Arginine vasopressin induces endothelium-dependent vasodilatation of the pulmonary artery. V1-receptor-mediated production of nitric oxide.

Infusion of arginine vasopressin (AVP) decreases pulmonary artery pressure. To determine whether this is due to stimulated release of endothelium-derived relaxing factor in the pulmonary circulation, the authors studied segments of canine pulmonary artery suspended in organ chambers for measurement of isometric force. In segments in which contraction was induced with phenylephrine (10(-6) mol), AVP (10(-12) to 10(-7) mol) produced concentration-dependent relaxation in segments with endothelium but not in segments without endothelium.
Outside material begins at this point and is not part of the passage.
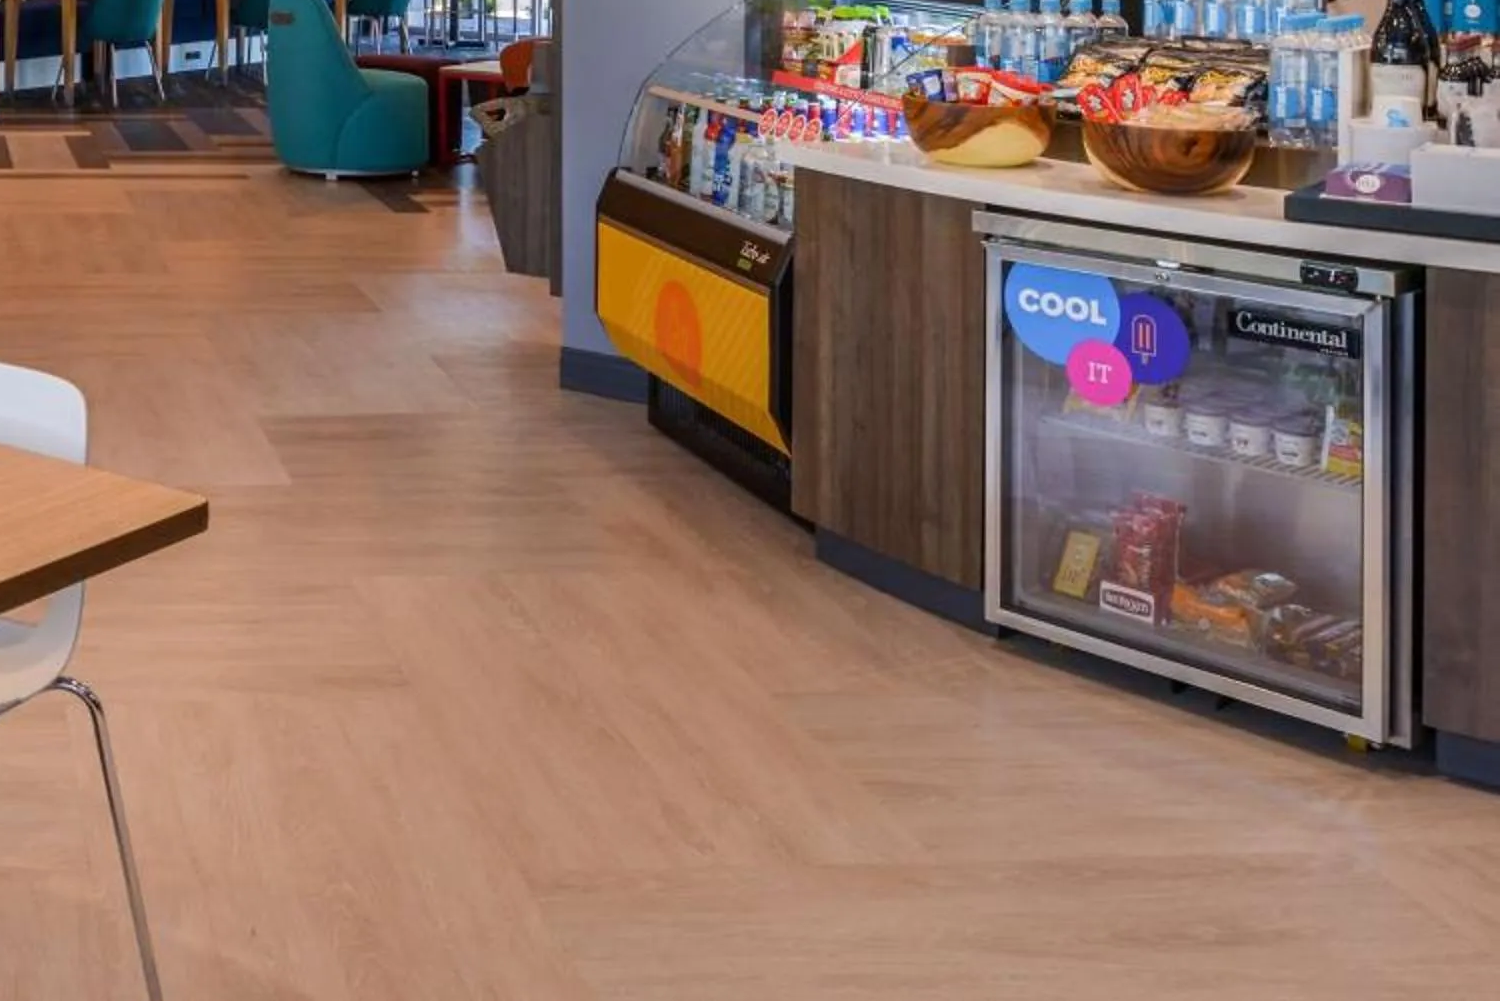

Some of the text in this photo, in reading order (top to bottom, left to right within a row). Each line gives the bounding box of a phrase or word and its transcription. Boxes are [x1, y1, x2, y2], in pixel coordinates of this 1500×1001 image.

[1018, 287, 1107, 326] COOL
[1236, 310, 1348, 348] Continental
[1087, 360, 1113, 384] IT
Greater concentrations of AVP (3 x 10(-7) to 3 x 10(-5) mol) produced comparable contraction in segments with or without endothelium. Endothelium-dependent vasodilation in response to AVP was inhibited by NG-nitro-L-arginine (10(-4) mol) and NG-monomethyl-L-arginine (L-NMMA) (10(-4) mol), inhibitors of nitric oxide synthesis from L-arginine. The inhibitory effect of L-NMMA was attenuated by L-arginine (10(-4) mol). Endothelium-dependent vasodilation in response to AVP was inhibited reversibly by the vasopressin V1-blocker. Arginine vasopressin induces release of endothelium-derived nitric oxide through action on endothelial V1-receptors. Endothelium-derived nitric oxide mediates vasodilatation, which may explain decreased pulmonary resistance during AVP infusion.